France’s later adoption of horse as a plat du jour stemmed not from callous gourmandise, but from pragmatism. Trying to strengthen its work force to meet the demands of the Industrial Revolution, the French government decreed in 1853 that each person consume 3.5 ounces of meat per day. At that time the price of a pound of horse was half that of beef. The shortages of the Franco-Prussian war (which eventually drove starving Parisians to consume rats and the residents of the zoo) sealed horse’s stature as a cheap, nutritious “food of the people.” Today horse remains largely a food of the working class, but since its cost is now comparable to beef, the once-flourishing horse butcheries of Paris are becoming an endangered species.

Hunger and the desire to nourish one’s children are by far the most effective tramplers of food taboos, and they have been the main forces behind America’s sporadic appreciation of horse as a culinary item. But clannish customs also hold sway. Such practices recently influenced an isolated pocket of our nation as surely as they did Odin-worshippers who ate burnt equine offerings in the god’s name.

Until the late 1970s, the Harvard Faculty Club served horse steaks as a regular menu item. The dish was abandoned only when the rerouting of Harvard Square traffic meant the delivery truck could no longer get through. A 1998 Harvard Crimson article on the history of the club states that “professors still recall the dish fondly.” As they would — its very oddity, even repulsiveness to the outside world reinforced their sense of being members of a unique and special tribe.

It can be said, awkwardly, that horses are America’s sacred cows. But our reverence stems not just from their noble equine attributes. Our ability to commune wordlessly, with a shift in the saddle, the flick of a rein, a whistle, forges a transcendent relationship. I have eaten all manner of improbable items, from antelope to waterbug, but the fact that horses so graciously did my bidding several decades ago means I won’t knowingly eat their kind (or dog, or dolphin) unless hard times make it a necessity.

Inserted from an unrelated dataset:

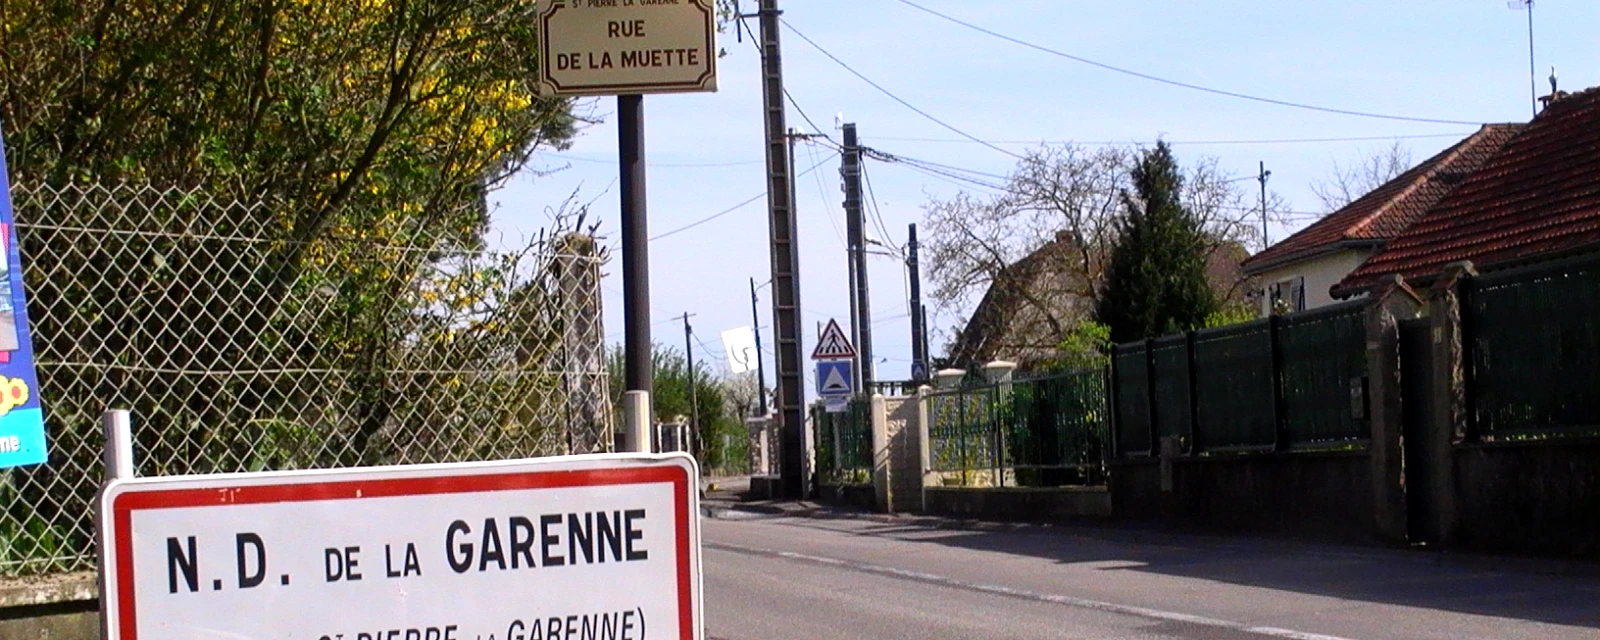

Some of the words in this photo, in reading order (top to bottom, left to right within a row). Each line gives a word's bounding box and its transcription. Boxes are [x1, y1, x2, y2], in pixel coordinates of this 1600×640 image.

It’s easy to denounce the inhumane transport and slaughter of horses, even before taking into account the significant environmental cost of transporting 100,000 carcasses and animals a year thousands of miles to overseas markets.

But the fate of less charismatic food animals is also a brutal business. Last year, 150 pigs being shipped from Ohio to a Texas slaughterhouse died after spending up to 72 hours in a truck with no water, food or relief from 95 degree heat. The dispatch of male chicks on an egg farm can be flat-out horrific. The ill treatment of slaughter-bound horses is bad, but it would be worse still if it made us pay less attention to the undue suffering of other food animals.

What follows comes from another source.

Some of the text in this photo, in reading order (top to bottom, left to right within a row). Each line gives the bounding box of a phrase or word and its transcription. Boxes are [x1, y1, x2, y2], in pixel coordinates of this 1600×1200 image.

There are solid reasons to object to horse slaughter. But to imply that it is somehow un-American doesn’t go the distance. Americans have eaten it, even enjoyed it, though never so much to keep it coming in times of plenty, except at Harvard. Horsemeat has been a traditional hardship food. Those seeking to ban it in Congress would serve best by ensuring that we never miss it.

Christa Weil is the author of “Fierce Food: The Intrepid Diner’s Guide to the Unusual, Exotic and Downright Bizarre.”